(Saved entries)

Content starts

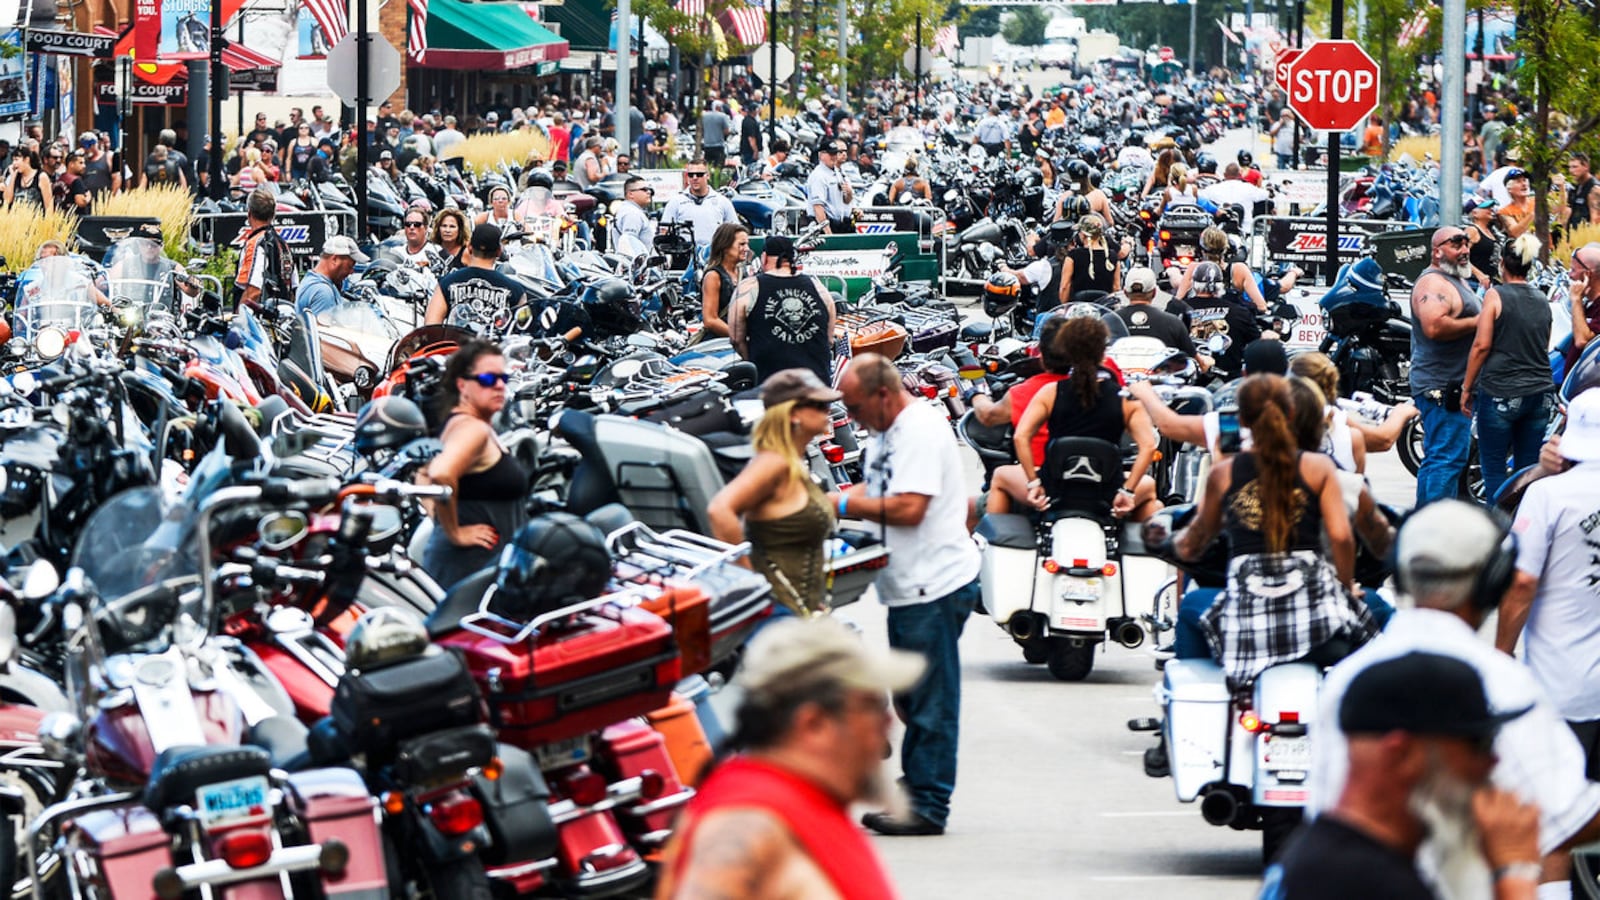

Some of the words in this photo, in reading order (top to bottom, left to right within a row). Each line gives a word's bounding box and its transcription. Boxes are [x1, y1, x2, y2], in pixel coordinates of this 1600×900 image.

[27, 33, 63, 45] FOOD
[66, 36, 112, 49] COURT
[138, 85, 182, 96] COURT
[1294, 69, 1374, 103] STOP
[1287, 233, 1365, 252] AMOIL
[764, 296, 779, 319] THE
[776, 288, 821, 316] KNUCKLE
[771, 323, 820, 344] SALOON

Content ends

What the exercise asks: Could you retype every line above exactly as it appears, skipping the pictures?

Answer to this exercise:
Some of the words in this photo, in reading order (top to bottom, left to right within a row). Each line gives a word's bounding box and its transcription. Boxes are [x1, y1, x2, y2], in pixel coordinates of this 1600×900 image.

[27, 33, 63, 45] FOOD
[66, 36, 112, 49] COURT
[138, 85, 182, 96] COURT
[1294, 69, 1374, 103] STOP
[1287, 233, 1365, 252] AMOIL
[764, 296, 779, 319] THE
[776, 288, 821, 316] KNUCKLE
[771, 323, 820, 344] SALOON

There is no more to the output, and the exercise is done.